The Austin State Hospital is shown on April 29, 2016. Despite an infusion of funding from lawmakers for the state’s mental health care system, Texas struggles to provide psychiatric care for all patients who need it.
By Edgar Walters / 05.01.2016
When Stephanie Contreras picked up her son last October from a private psychiatric hospital in South Texas, “he was white as a sheet, blue in the lips,” she said.
Her son’s emergency hospitalization had been intended to stabilize his mental illness, but she found him on the verge of a diabetic coma. He had failed to receive proper medication, she said. Contreras, who lives in McAllen, believes this would not have happened if he had been able to get care at one of Texas’ 10 state hospitals for people with severe mental illness, where he had stayed before. But in at least five cases over about a decade, Contreras said, her son was turned away from state hospitals because they were full.
“He was emotionally traumatized” by the difficulties of getting into high-quality psychiatric care and facing a shifting team of medical professionals, she said. “Time after time, there would be no beds in the Valley.”
Contreras’ son, now 36, has schizoaffective disorder, which includes schizophrenia and mood disorder symptoms. Over an 11-year period of his adult life, he spent more time in psychiatric hospitals than in the outside world, Contreras said. But getting him into care often proved difficult. Contreras remembered spending long nights in the emergency room, calling private and public hospitals to see if any had space to take him in for stays that ranged from two weeks to three months.
Despite an infusion of funding from lawmakers for the state’s mental health care system, Texas struggles to provide psychiatric care for all patients who need it. Crumbling, century-old state hospitals today have around 400 people on waiting lists, and the number of beds the state pays for in private facilities has not kept up with the state’s rapid population growth. At the same time, publicly funded options for people who need mental health care but are not yet in crisis are even harder to come by, experts say.

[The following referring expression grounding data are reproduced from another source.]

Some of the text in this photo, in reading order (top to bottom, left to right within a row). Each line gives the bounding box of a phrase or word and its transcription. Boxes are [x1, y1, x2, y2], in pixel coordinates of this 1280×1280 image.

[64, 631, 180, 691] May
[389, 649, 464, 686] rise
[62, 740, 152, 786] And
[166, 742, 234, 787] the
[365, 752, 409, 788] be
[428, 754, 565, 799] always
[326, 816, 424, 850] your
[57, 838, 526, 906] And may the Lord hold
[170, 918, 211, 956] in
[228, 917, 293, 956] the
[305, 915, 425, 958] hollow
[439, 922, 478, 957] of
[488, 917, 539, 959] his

Advocates for people with mental illness say the result is a public health emergency. The longer people must wait to get emergency mental health care, the greater a danger they pose to themselves and others, advocates say. They hope to persuade Texas lawmakers in 2017 to finance more psychiatric hospital beds, but where those beds would go — and where the money would materialize from to pay for them — remains to be seen.
Contreras, now the executive director of said the Rio Grande Valley affiliate of the National Alliance on Mental Illness, said her son has enjoyed a “blessed” life despite his medical issues. In 2014, he graduated with an associate’s degree in architectural drafting.

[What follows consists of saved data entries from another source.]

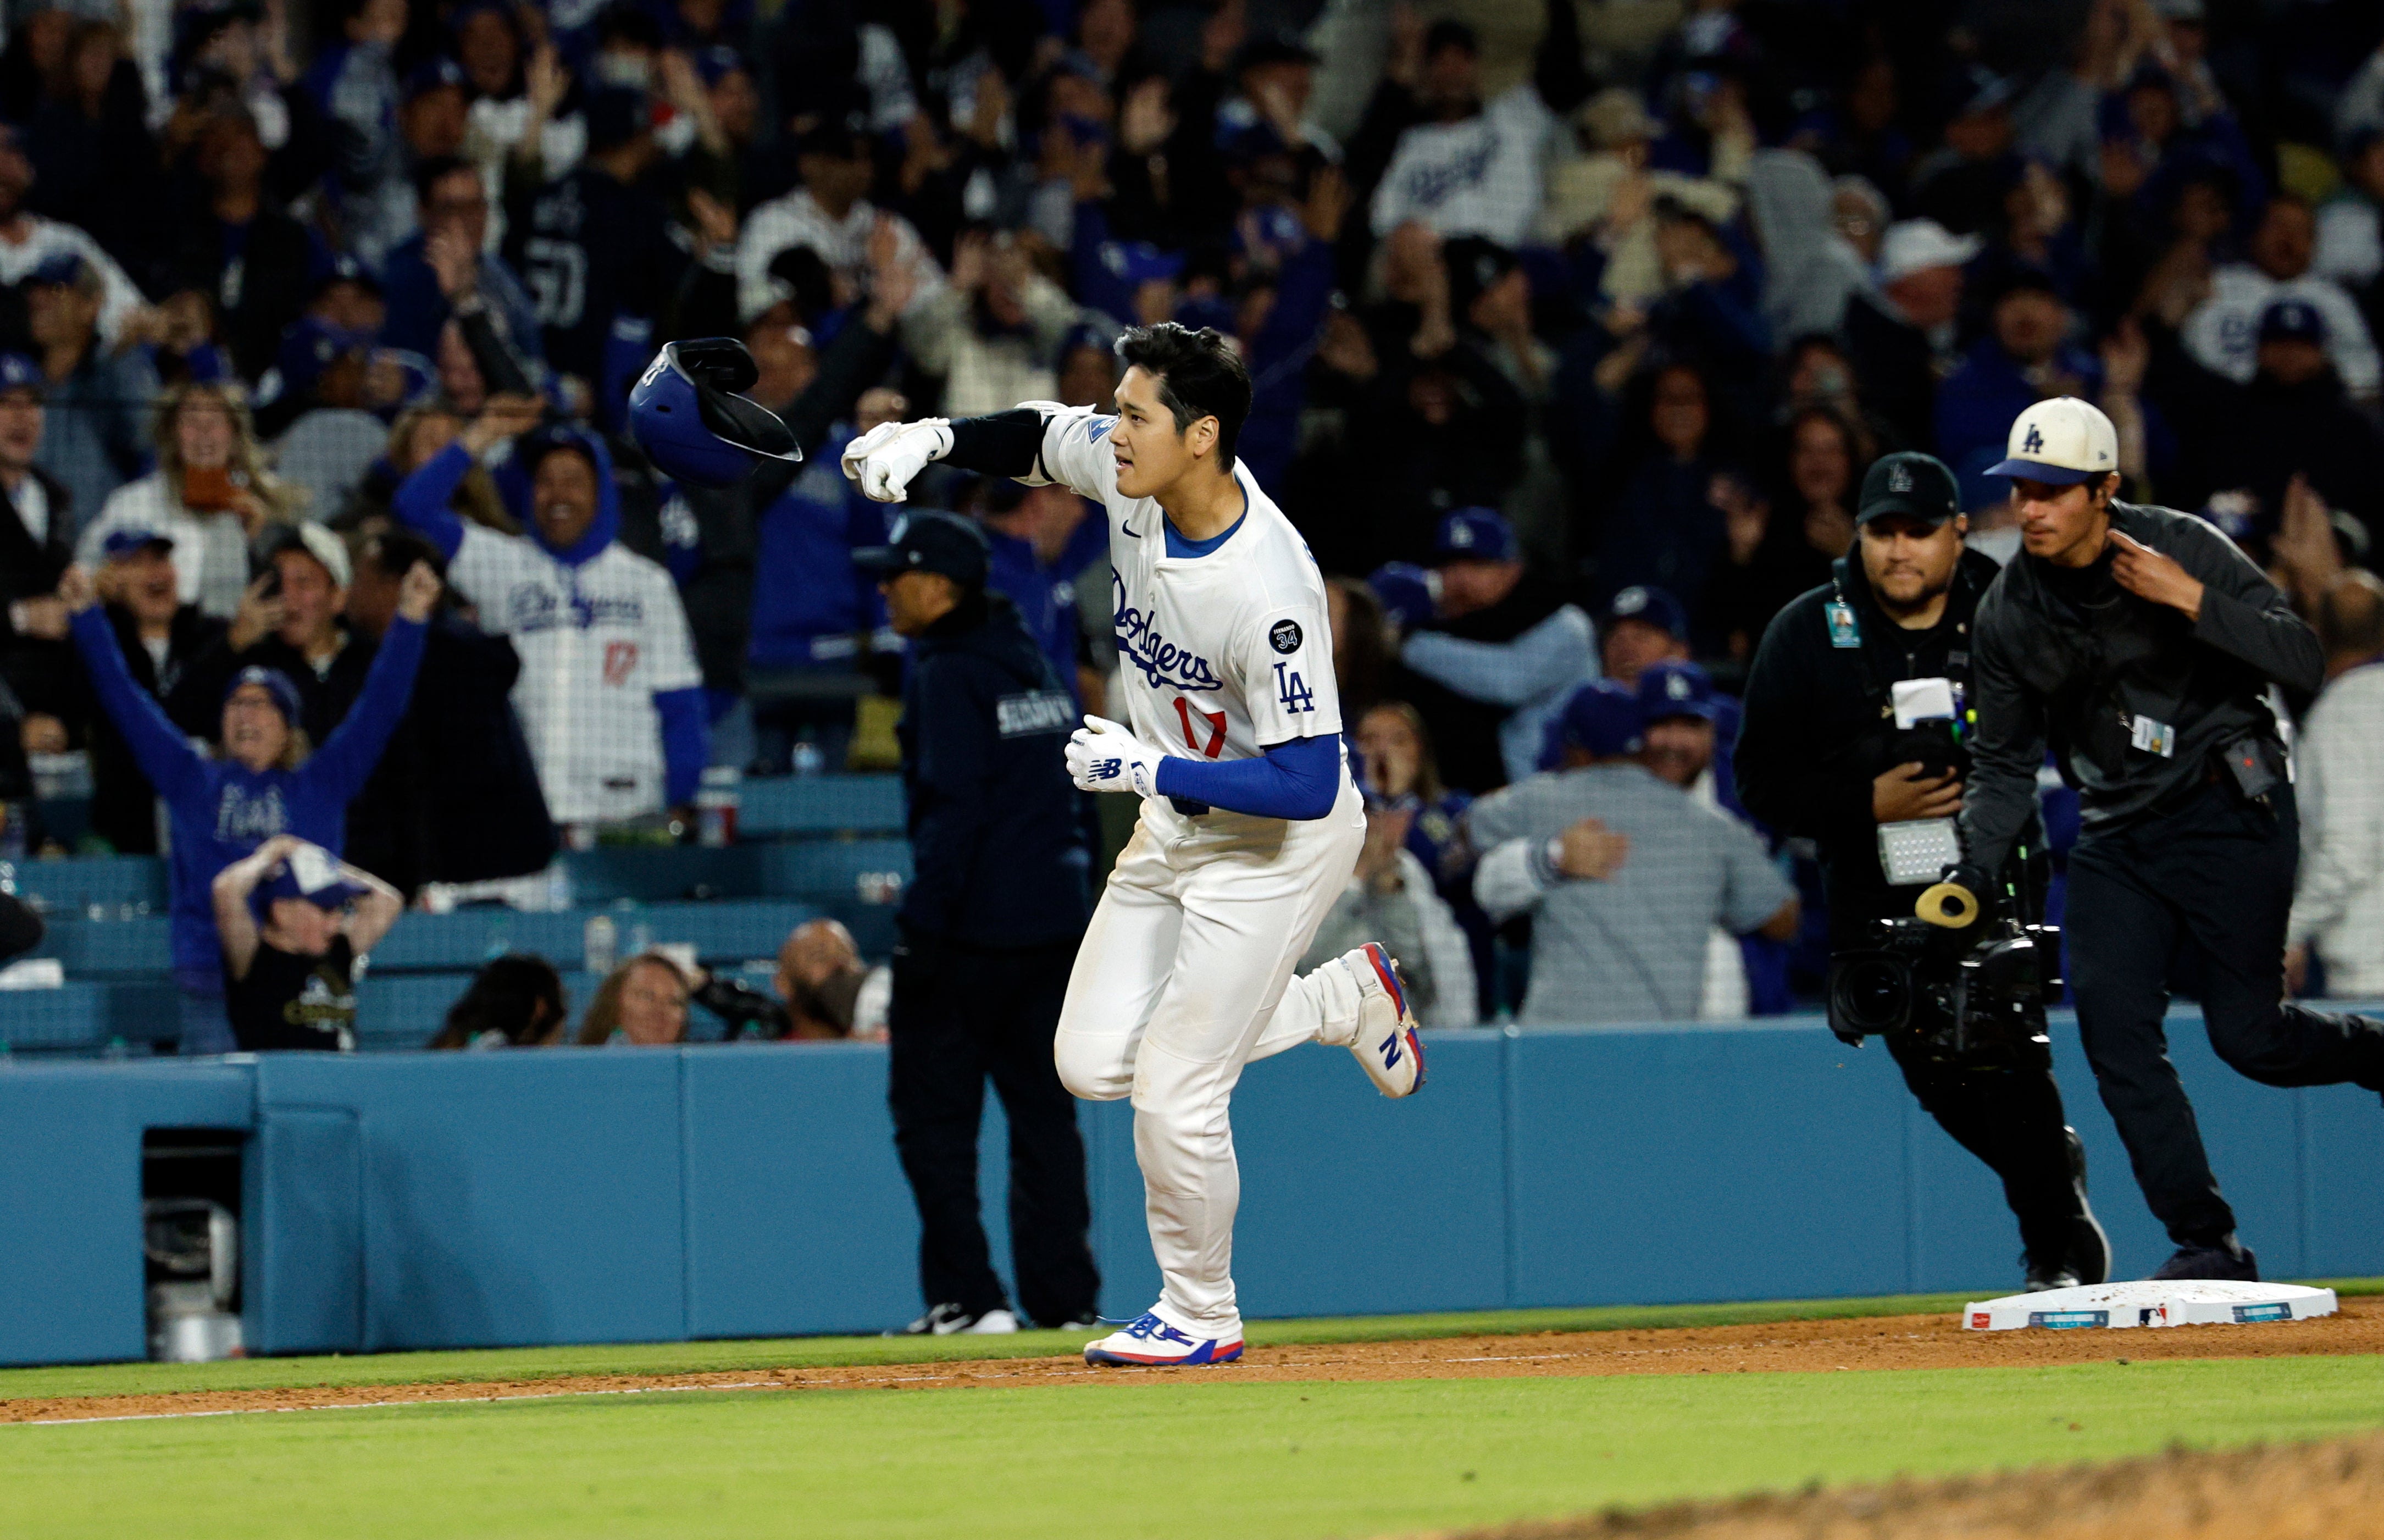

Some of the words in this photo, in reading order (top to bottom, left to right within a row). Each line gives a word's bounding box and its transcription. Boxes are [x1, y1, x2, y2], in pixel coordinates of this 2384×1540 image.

[2023, 423, 2044, 454] LA
[1111, 564, 1224, 691] Dodgers
[1273, 624, 1295, 635] FERNANDO
[1276, 630, 1298, 650] 34
[1273, 661, 1315, 714] LA
[1173, 696, 1228, 759] 17
[1378, 1030, 1402, 1072] N

But in her work advocating for people with mental illness, Contreras said her son’s challenges with the current system are instructive, as she regularly encounters people who struggle to get adequate and timely mental health care close to home.
In the face of criticism, Texas lawmakers tout recent improvements to the state’s mental health safety net. They point to new funding that encourages mental health professionals to practice in underserved areas, an expansion of innovative behavioral health care programs paid for by Medicaid and new telemedicine regulations intended to make it easier for patients to connect with psychiatrists remotely.
In March, the Senate’s chief budget writer and former Health and Human Services Committee chairwoman, state Sen. Jane Nelson, R-Flower Mound, said Texas had invested “significant resources” in mental health care in recent years. Her office calculated that public expenditures on mental health care had grown by $192 million from the 2013 legislative session to the 2015 session. And when mental health spending from Medicaid, the joint state-federal insurance program for the poor and disabled, is included, total spending was up $483 million, she said.
“We have serious challenges to address, but I want to make sure we have a true understanding of our commitment to mental health — by knowing not only how much we are spending but also how we are spending the funds,” Nelson said in an emailed statement.
Still, the number of state-funded beds in psychiatric hospitals has remained flat since 2013, hovering around 2,900 at any given time, according to the Department of State Health Services. That includes capacity in the state hospital system as well as state-contracted beds at private facilities.
More troubling for advocates is a decline in the number of beds relative to the state’s population. As Texas has grown, the per-capita psychiatric hospital capacity has fallen, from 11.3 to 10.5 beds per 100,000 people between 2013 and 2015.